*DESCRIPTION OF THE TASK*. The entries that follow need to be printed exactly as they are, minus any pictures.

*EXERCISE INPUTS*.
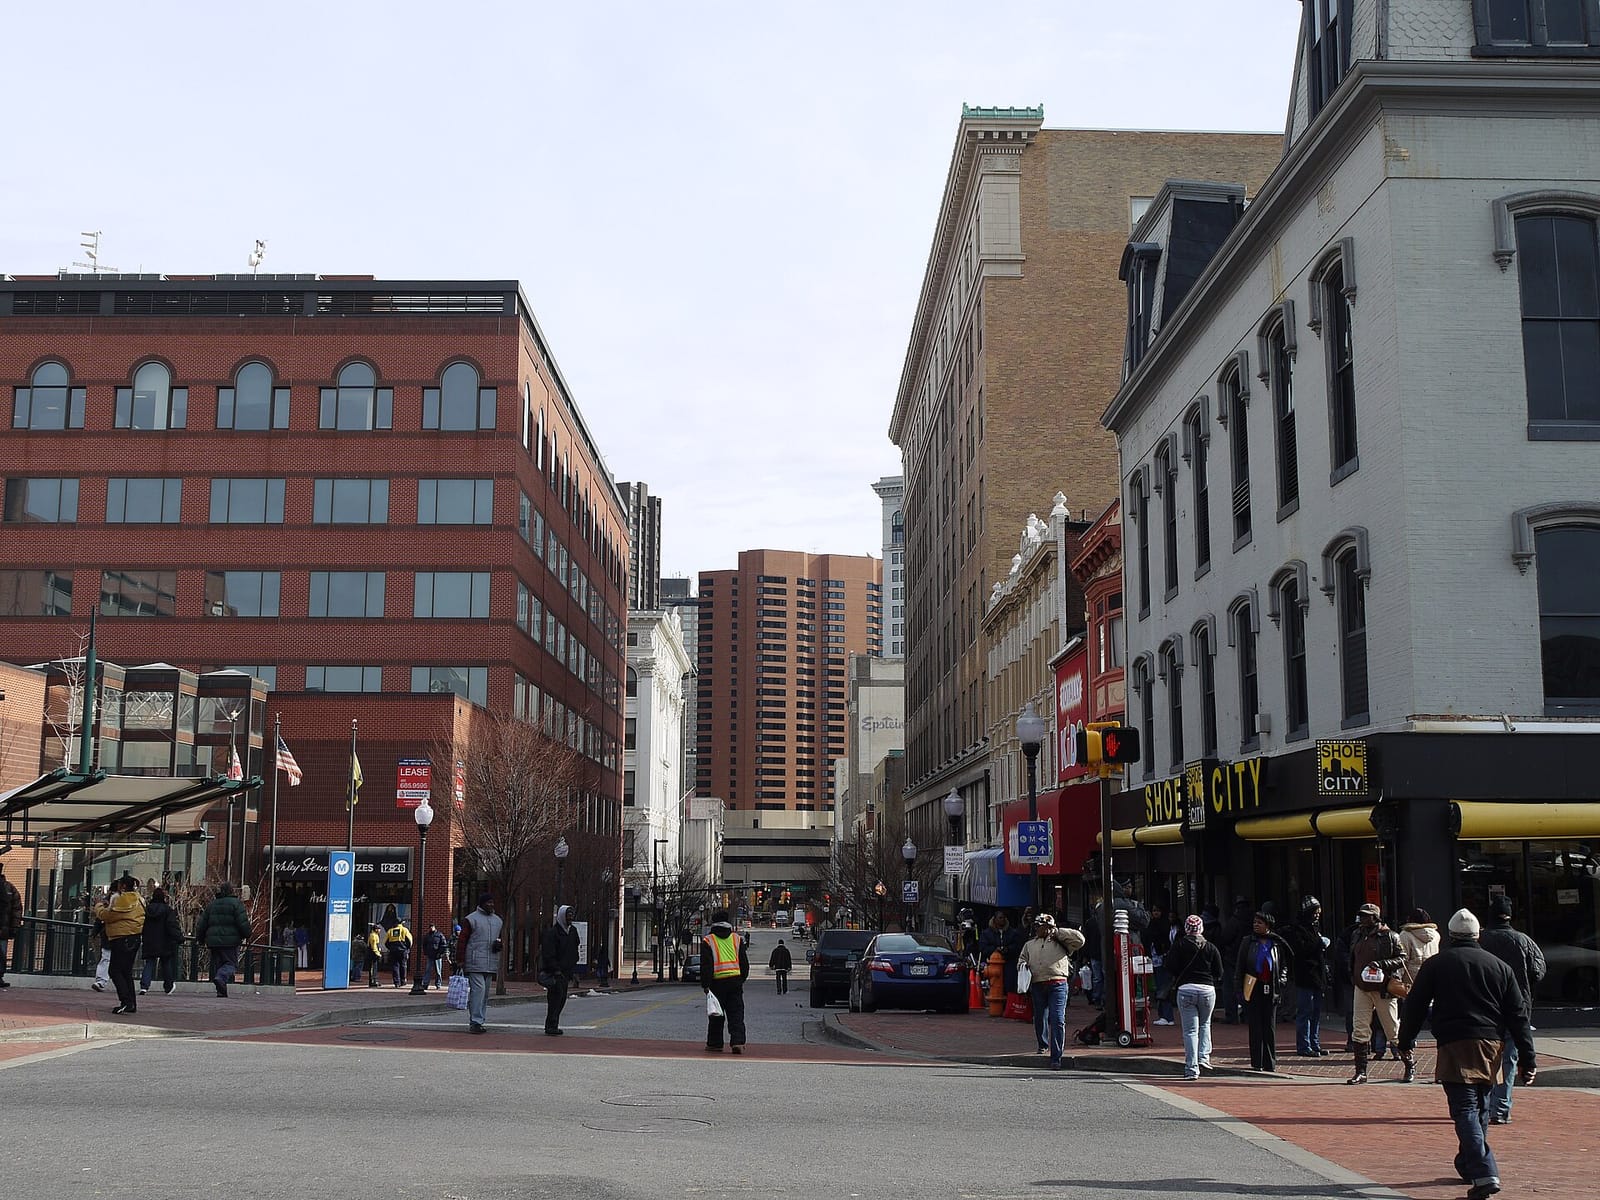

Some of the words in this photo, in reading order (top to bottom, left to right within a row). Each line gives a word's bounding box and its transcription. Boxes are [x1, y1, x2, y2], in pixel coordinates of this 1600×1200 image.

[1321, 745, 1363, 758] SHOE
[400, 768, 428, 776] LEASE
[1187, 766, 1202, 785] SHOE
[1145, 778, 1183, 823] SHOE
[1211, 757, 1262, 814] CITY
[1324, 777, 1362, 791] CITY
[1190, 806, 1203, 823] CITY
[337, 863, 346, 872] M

*RESULT BELOW*.
Some of the words in this photo, in reading order (top to bottom, left to right within a row). Each line gives a word's bounding box and its transcription. Boxes are [x1, y1, x2, y2], in pixel coordinates of this 1600×1200 image.

[1321, 745, 1363, 758] SHOE
[400, 768, 428, 776] LEASE
[1187, 766, 1202, 785] SHOE
[1145, 778, 1183, 823] SHOE
[1211, 757, 1262, 814] CITY
[1324, 777, 1362, 791] CITY
[1190, 806, 1203, 823] CITY
[337, 863, 346, 872] M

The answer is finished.